Exercise:
Your task is to repeat the lines below exactly, excluding any pictures they contain.

(Image-backed grounding data)
====================
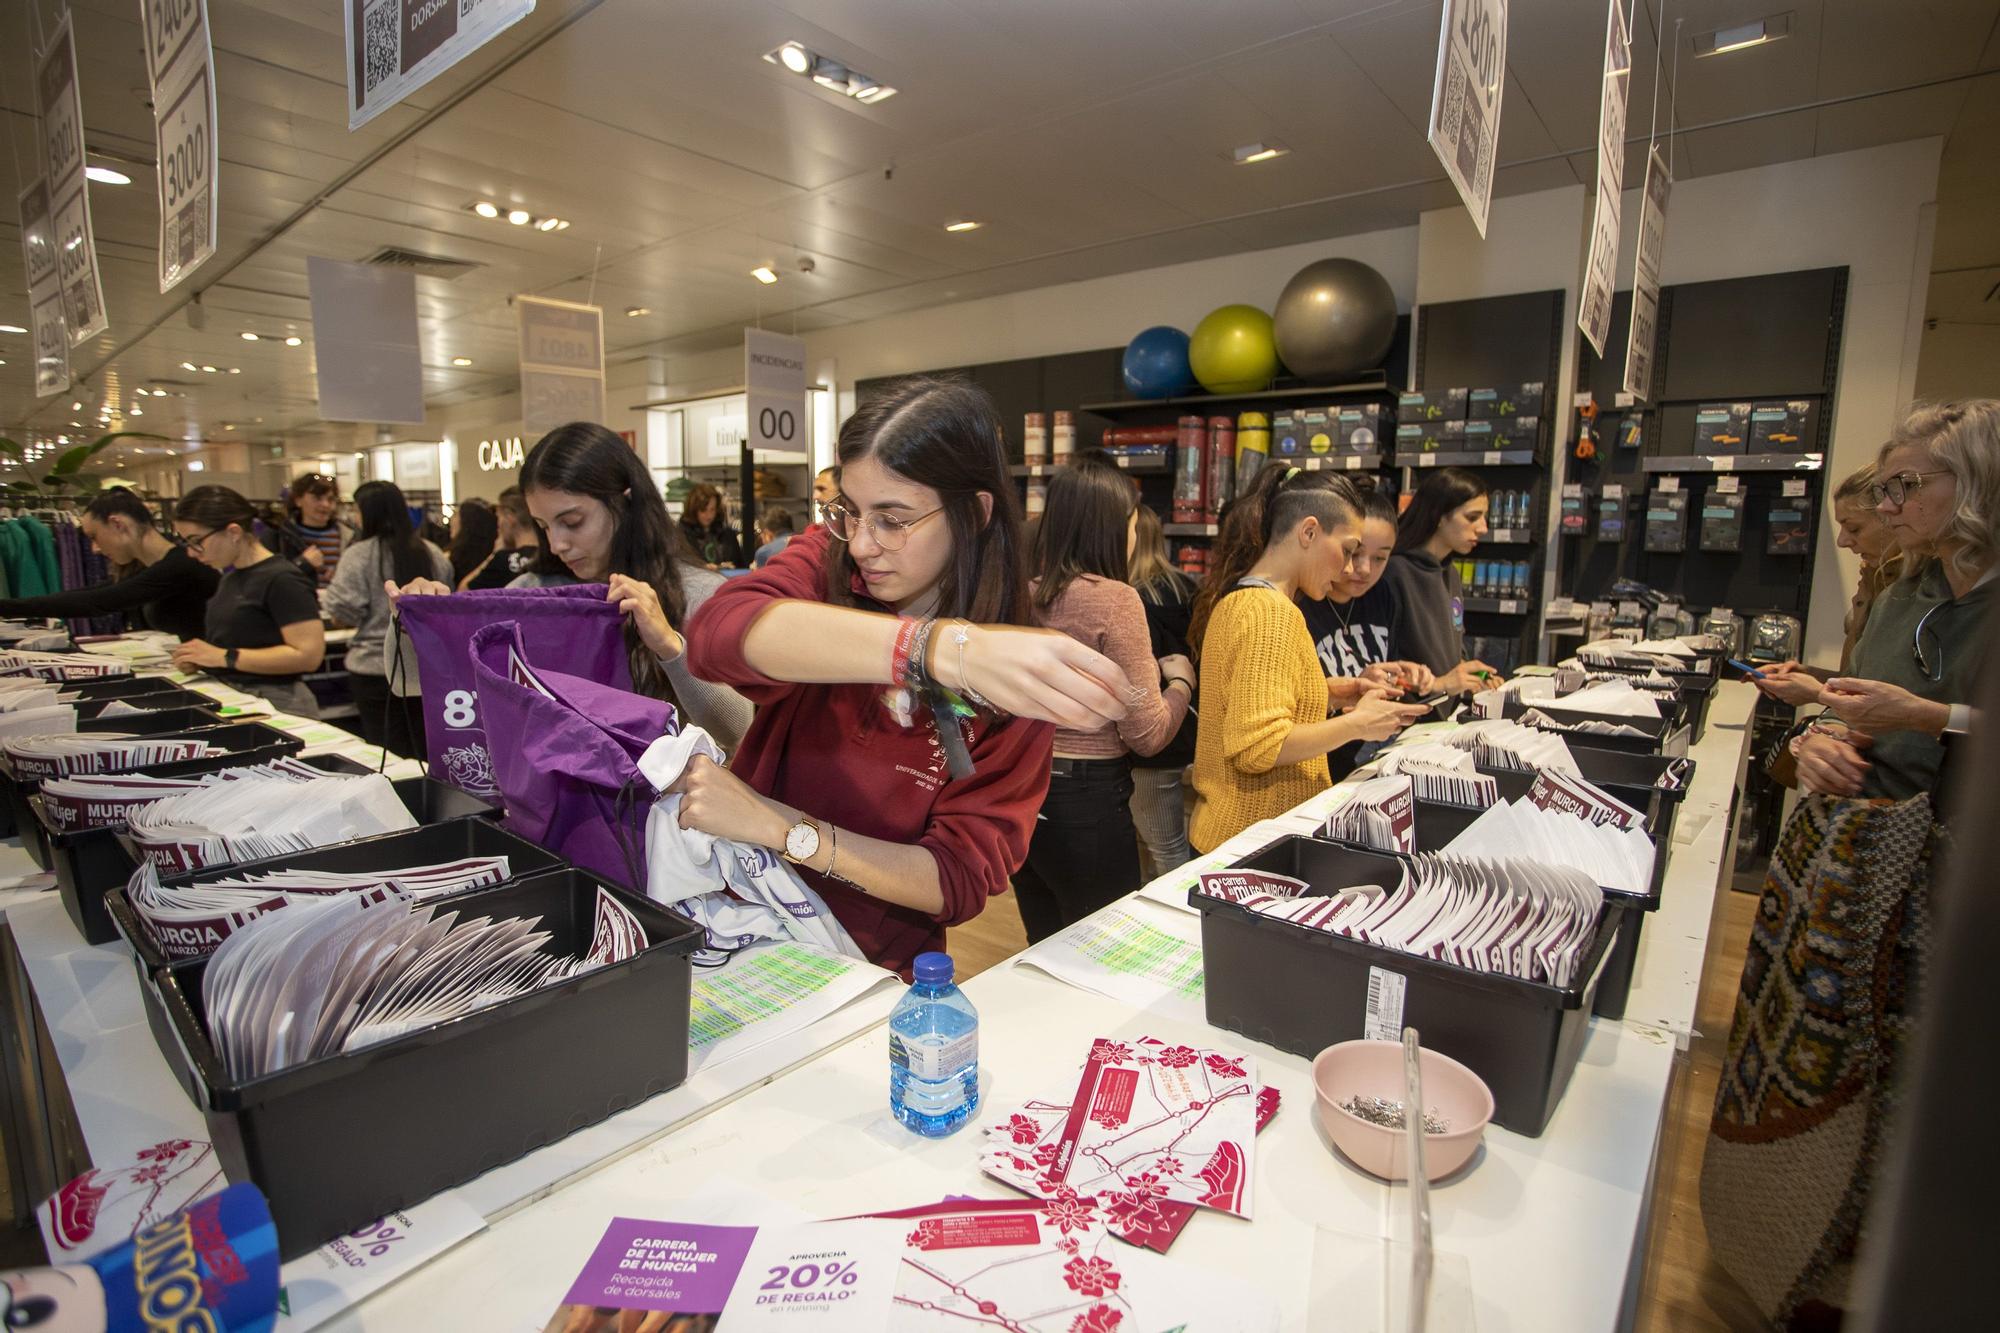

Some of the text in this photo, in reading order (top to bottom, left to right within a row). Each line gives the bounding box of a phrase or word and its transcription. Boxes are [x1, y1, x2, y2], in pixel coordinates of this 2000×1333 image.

[167, 123, 204, 206] 3000
[760, 407, 795, 442] 00
[478, 437, 525, 471] CAJA
[16, 759, 54, 774] MURCIA
[1551, 789, 1585, 819] MURCIA
[155, 926, 224, 946] URCIA
[632, 1238, 697, 1250] CARRERA
[329, 1240, 366, 1267] EGALO
[626, 1248, 717, 1263] DE LA MUJER
[789, 1251, 847, 1261] APROVECHA
[619, 1259, 697, 1273] DE MURCIA
[611, 1273, 674, 1287] Recogida
[760, 1260, 858, 1290] 20%
[604, 1285, 681, 1299] de dorsales
[755, 1294, 779, 1304] DE
====================
Result:
Some of the text in this photo, in reading order (top to bottom, left to right within a row). Each line gives the bounding box of a phrase or word and its transcription. Boxes are [x1, y1, x2, y2], in pixel coordinates of this 2000×1333 image.

[167, 123, 204, 206] 3000
[760, 407, 795, 442] 00
[478, 437, 525, 471] CAJA
[16, 759, 54, 774] MURCIA
[1551, 789, 1585, 819] MURCIA
[155, 926, 224, 946] URCIA
[632, 1238, 697, 1250] CARRERA
[329, 1240, 366, 1267] EGALO
[626, 1248, 717, 1263] DE LA MUJER
[789, 1251, 847, 1261] APROVECHA
[619, 1259, 697, 1273] DE MURCIA
[611, 1273, 674, 1287] Recogida
[760, 1260, 858, 1290] 20%
[604, 1285, 681, 1299] de dorsales
[755, 1294, 779, 1304] DE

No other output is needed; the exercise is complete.